● What is being asked
The entries below are to be written out exactly, with no images included.

● Exercise material
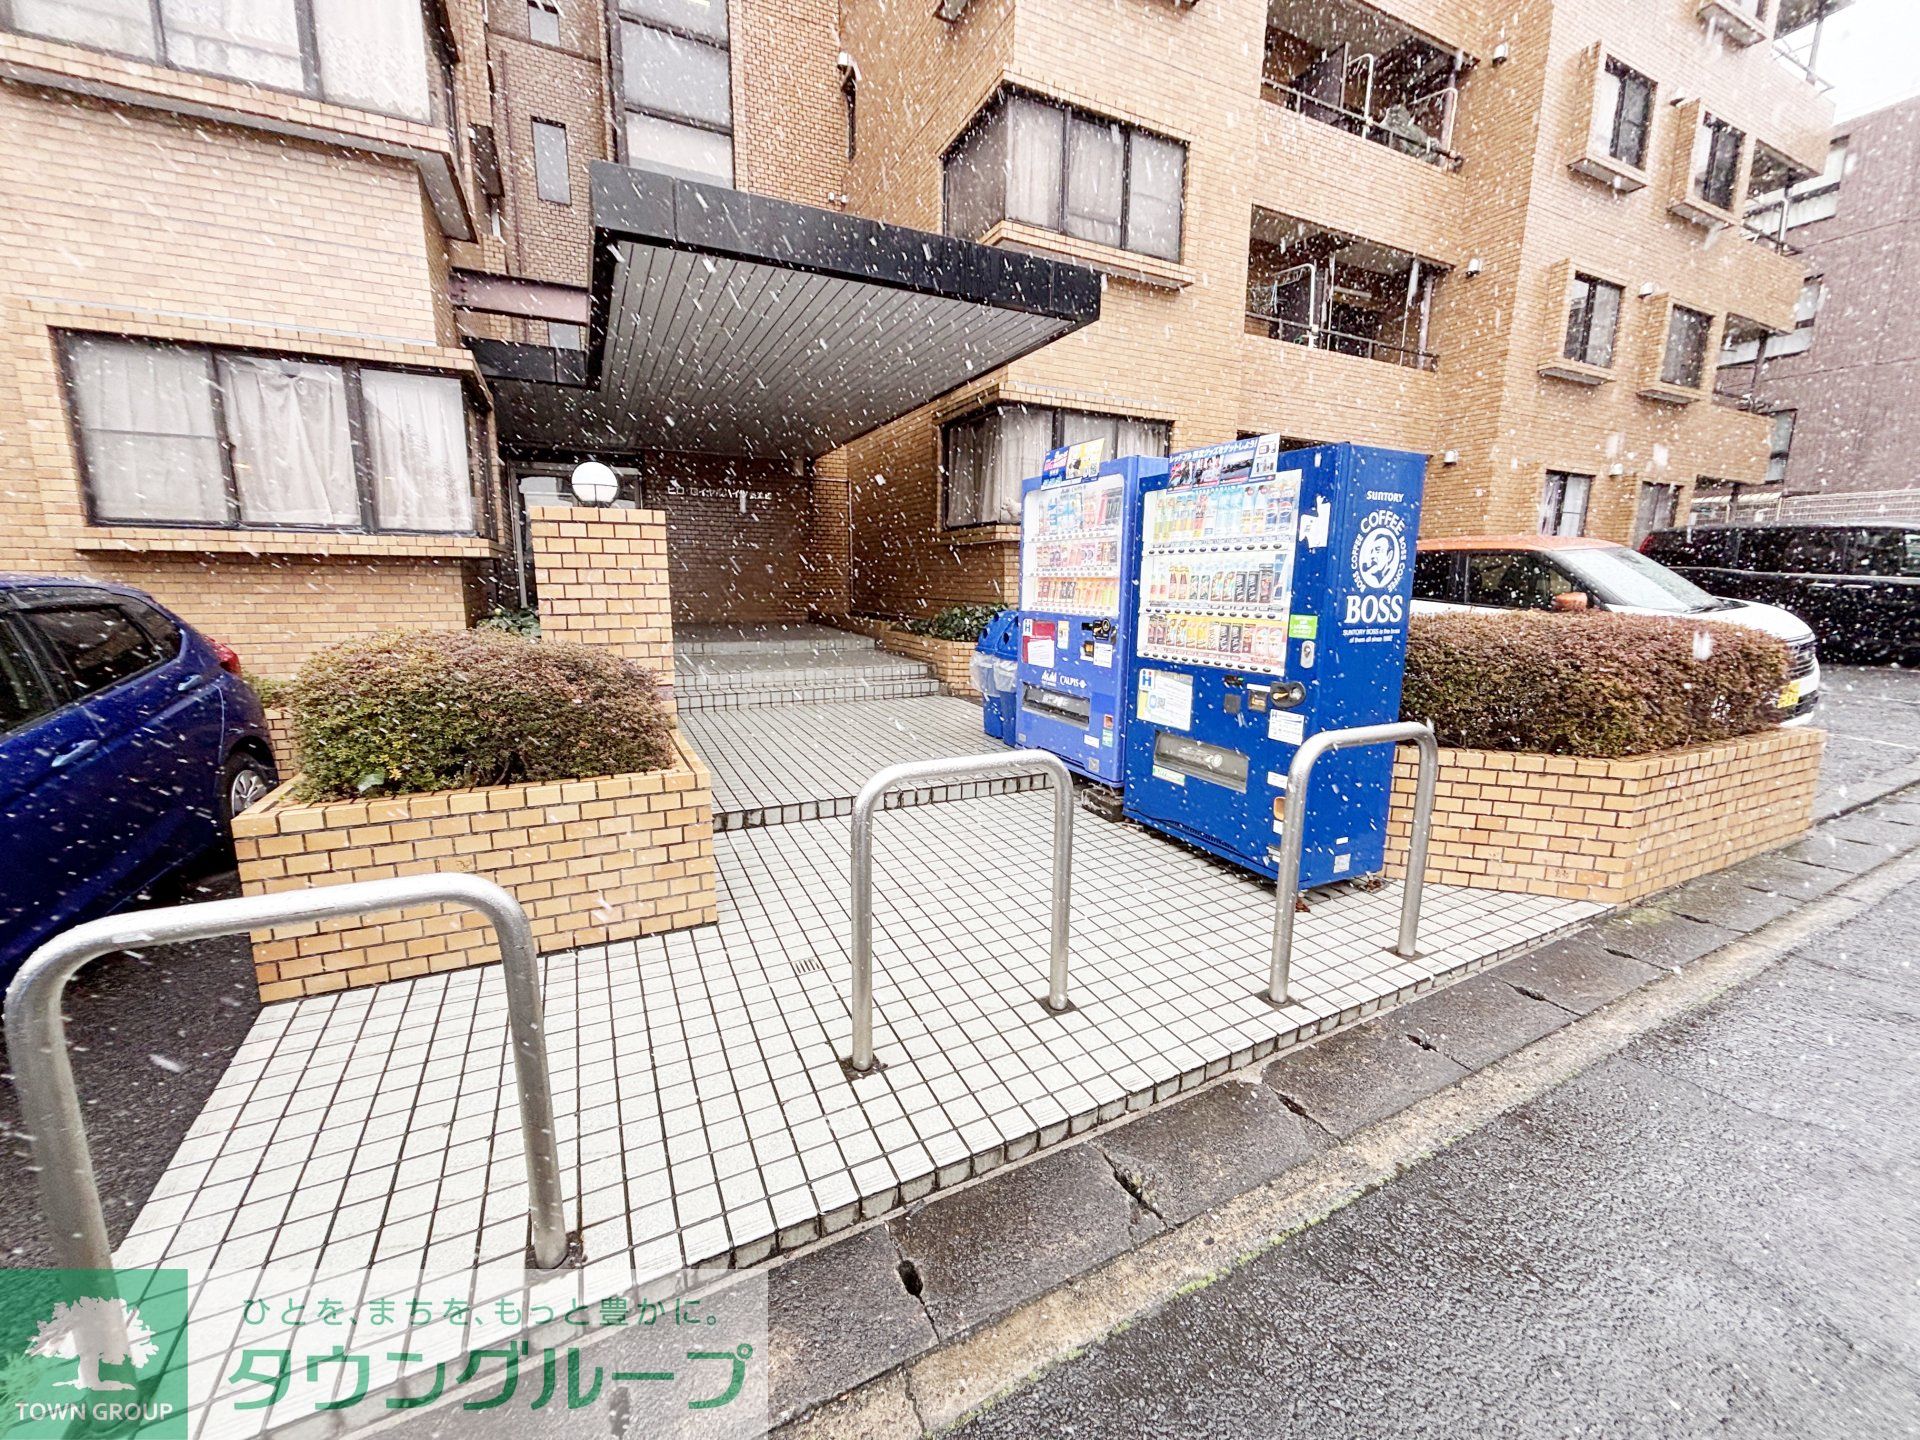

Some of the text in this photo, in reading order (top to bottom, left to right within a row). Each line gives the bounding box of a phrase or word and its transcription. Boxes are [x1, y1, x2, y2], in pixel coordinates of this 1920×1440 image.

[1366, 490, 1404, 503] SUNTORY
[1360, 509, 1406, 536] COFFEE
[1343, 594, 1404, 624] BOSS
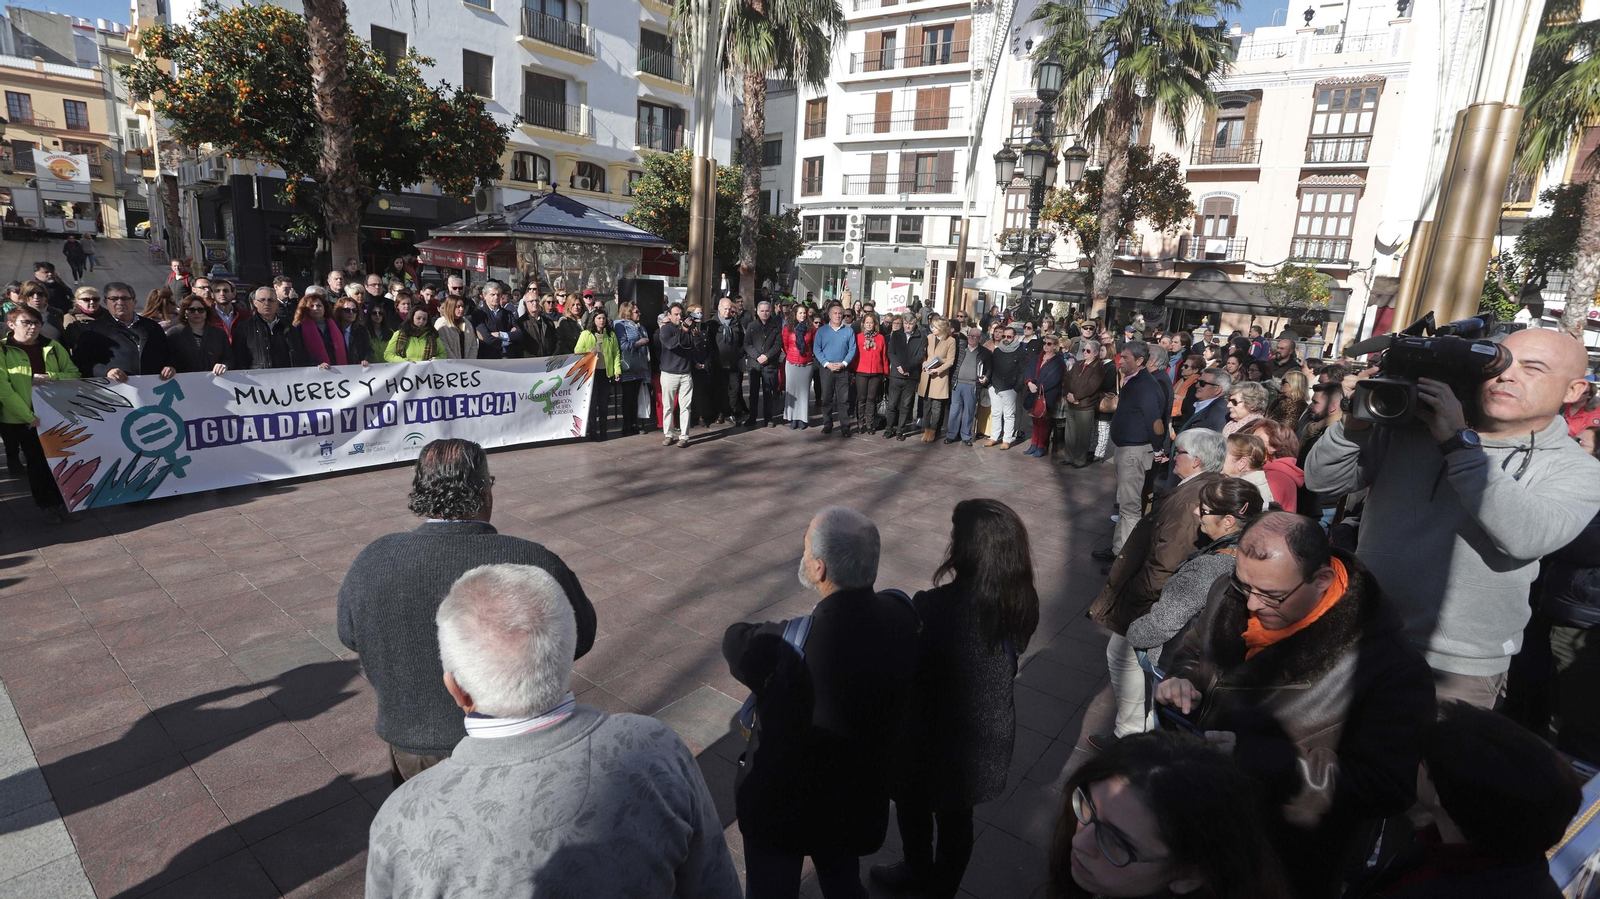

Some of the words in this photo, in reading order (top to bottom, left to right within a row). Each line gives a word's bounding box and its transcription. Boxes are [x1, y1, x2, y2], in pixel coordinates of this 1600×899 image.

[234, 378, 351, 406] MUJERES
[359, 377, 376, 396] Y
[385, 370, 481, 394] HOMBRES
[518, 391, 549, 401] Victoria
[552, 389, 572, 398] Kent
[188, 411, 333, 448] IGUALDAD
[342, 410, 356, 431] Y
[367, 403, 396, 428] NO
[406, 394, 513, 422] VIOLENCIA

● Written reply
Some of the text in this photo, in reading order (top to bottom, left to right within a row). Each line gives the bounding box of a phrase or word and its transcription. Boxes are [x1, y1, x2, y2], in pixel coordinates of this 1920×1440 image.

[1366, 490, 1404, 503] SUNTORY
[1360, 509, 1406, 536] COFFEE
[1343, 594, 1404, 624] BOSS

Some of the words in this photo, in reading order (top to bottom, left to right within a row). Each line gives a word's bounding box and its transcription. Boxes are [x1, y1, x2, y2], in pixel coordinates of this 1600×899 image.

[234, 378, 351, 406] MUJERES
[359, 377, 376, 396] Y
[385, 370, 481, 394] HOMBRES
[518, 391, 549, 401] Victoria
[552, 389, 572, 398] Kent
[188, 411, 333, 448] IGUALDAD
[342, 410, 356, 431] Y
[367, 403, 396, 428] NO
[406, 394, 513, 422] VIOLENCIA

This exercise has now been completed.